Invité à fournir des chiffres sur les dépenses de l'Etat auprès des cabinets de conseil, Mme de Montchalin a répondu: "un rapport de la Cour des comptes précise que les dépenses de conseils - hors informatique - s'établissaient à environ 135 millions d'euros par an entre 2011 et 2013. À ma demande, la direction du budget a établi que, pour le même périmètre, ces dépenses s'élevaient en moyenne à 145 millions d'euros entre 2018 et 2020. Celles-ci sont donc stables, eu égard à la dynamique de dépenses publiques de notre pays."

"En 2020, 170 millions d'euros ont été dépensés, contre 107 millions d'euros en 2018 : l'augmentation s'élève donc à près de 60 % entre 2018 et 2020", a répondu le rapporteur de la commission, le sénateur Arnaud Bazin (Les Républicains).

S'agissant de la crise sanitaire, selon Olivier Véran, "54 commandes" ont été passées par l'Etat pour des prestations de conseil, soit une facture de 26,79 millions d'euros pour les pouvoirs publics.

Une somme certes "sans commune mesure" avec le "montant global de 1,717 million d'euro engagé en 2019 sur un périmètre équivalent", mais "le coût de ces prestations reste toutefois modéré au regard de l'ensemble des dépenses liées à la crise sanitaire, 30 milliards d'euros entre 2020 et 2021", fait valoir le ministre.

Dans le détail, les questions des sénateurs ont porté sur plusieurs contrats: sur le "guide du télétravail dans la fonction publique" pour lequel le cabinet McKinsey "aurait touché 235.620 euros en 2020". Sur "le baromètre de l'action publique" pour lequel l'Etat a recouru au cabinet Capgemini, pour un montant d'environ 3,6 millions d'euros. Sur la mission intitulée "amélioration de l'accueil téléphonique des services publics" menée par le cabinet BCG, moyennant 358.200 euros.

Autre exemple: le cabinet McKinsey a obtenu 496.800 euros en 2020 pour "éclairer les évolutions du métier d'enseignant". Interrogé par la commission, Karim Tadjeddine, directeur associé chez McKinsey, a expliqué que leur rôle avait été "d'accompagner la DITP (direction interministérielle à la transformation publique, NDLR) pour organiser un séminaire qui était prévu par le ministère, en lien avec des organisations internationales, pour réfléchir aux grandes tendances du secteur de l'enseignement".

D'après le sénateur Arnaud Bazin, "lors de la crise sanitaire le cabinet McKinsey a ainsi bénéficié de 11 contrats pour un montant de 13,5 millions d'euros".

Circulaire

Le tableau général brossé par les journalistes Caroline Michel-Aguirre et Matthieu Aron, est bien plus noir: selon leurs estimations, "les sommes versées aux cabinets de conseil oscillent entre 1,5 et 3 milliards d'euros par an.

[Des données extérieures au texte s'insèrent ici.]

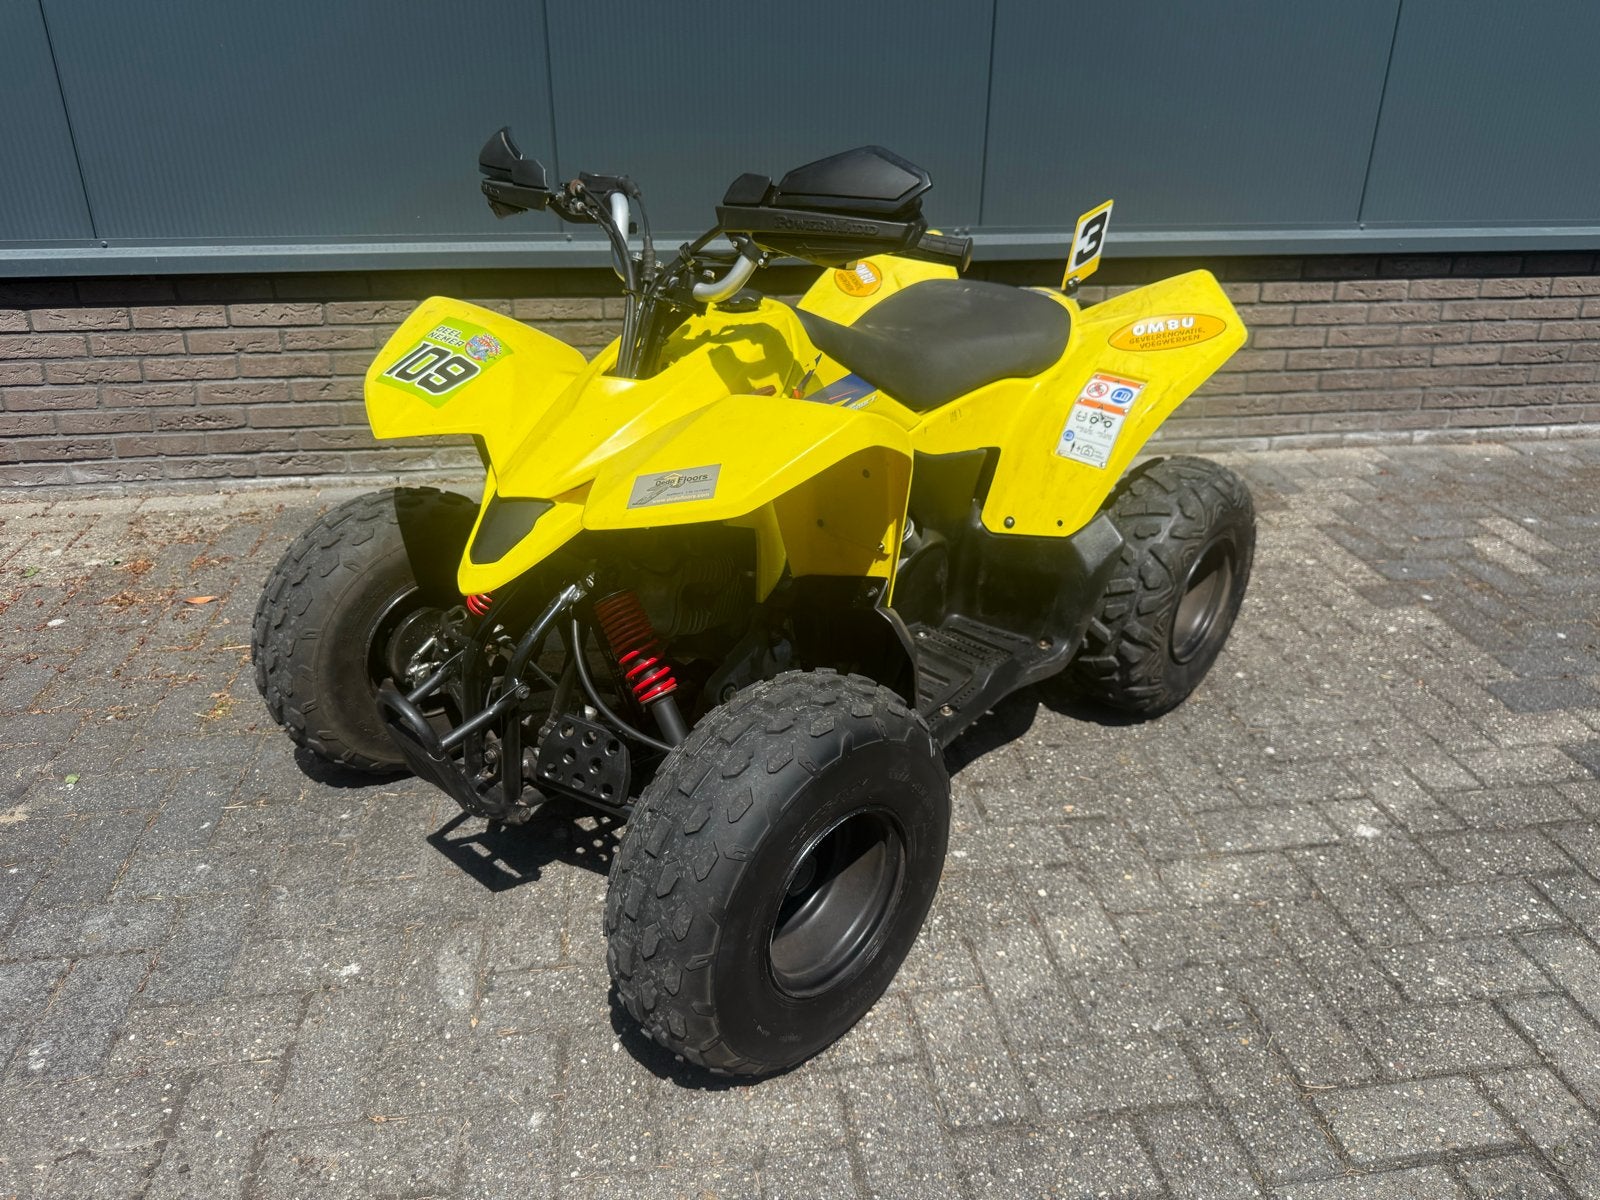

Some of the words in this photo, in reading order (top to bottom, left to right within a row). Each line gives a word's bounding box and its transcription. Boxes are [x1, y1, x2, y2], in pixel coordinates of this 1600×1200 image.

[1075, 211, 1107, 267] 3
[436, 325, 463, 338] DEEL
[1132, 316, 1195, 336] OMBU
[427, 332, 466, 348] NEMER
[1139, 334, 1200, 349] VOEGWERKEN
[383, 341, 481, 395] 109
[678, 473, 708, 484] Floors

Soit, au plus haut de cette moyenne, l'équivalent du budget du ministère de la Culture".

Les auteurs narrent "l'histoire d'un putsch progressif, presque rampant, sans effusion de sang mais qui, de l'intérieur a changé laFrance". Selon eux, "depuis vingt ans, les cabinets de conseil se sont installés au coeur de l'Etat". Une pratique qui s'est développée à partir de 2008 et de la "révision générale des politiques publiques" ordonnée par le président d'alors, Nicolas Sarkozy.

Sur la crise sanitaire, les auteurs relatent notamment les différents contrats passés avec la société Citwell dès mars 2020: pour connaître l'état des stock de masques en France, puis l'état de tous les équipements de protection individuelle (gants, lunettes, charlottes, etc), puis pour les médicaments. "En tout, Citwell va toucher 6,7 millions d'euros", écrivent-ils.

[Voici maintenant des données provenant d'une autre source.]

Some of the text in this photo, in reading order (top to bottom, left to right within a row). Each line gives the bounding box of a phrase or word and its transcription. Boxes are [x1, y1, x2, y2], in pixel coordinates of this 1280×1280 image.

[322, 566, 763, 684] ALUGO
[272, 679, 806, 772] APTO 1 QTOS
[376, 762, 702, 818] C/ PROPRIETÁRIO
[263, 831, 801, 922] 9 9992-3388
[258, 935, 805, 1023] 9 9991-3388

Une circulaire du Premier ministre Jean Castex, datée du 19 janvier, commande aux membres de son gouvernement de réduire la voilure. "En 2022, les prestations intellectuelles engagées en "stratégie et organisation" devront être réduites de 15% au moins par rapport aux montants engagés en 2021", peut-on lire dans ce document.

Et Matignon d'édicter un principe: "l'administration ne doit avoir recours à des conseils extérieurs qu'après avoir démontré qu'elle ne dispose pas des moyens ou compétences nécessaires".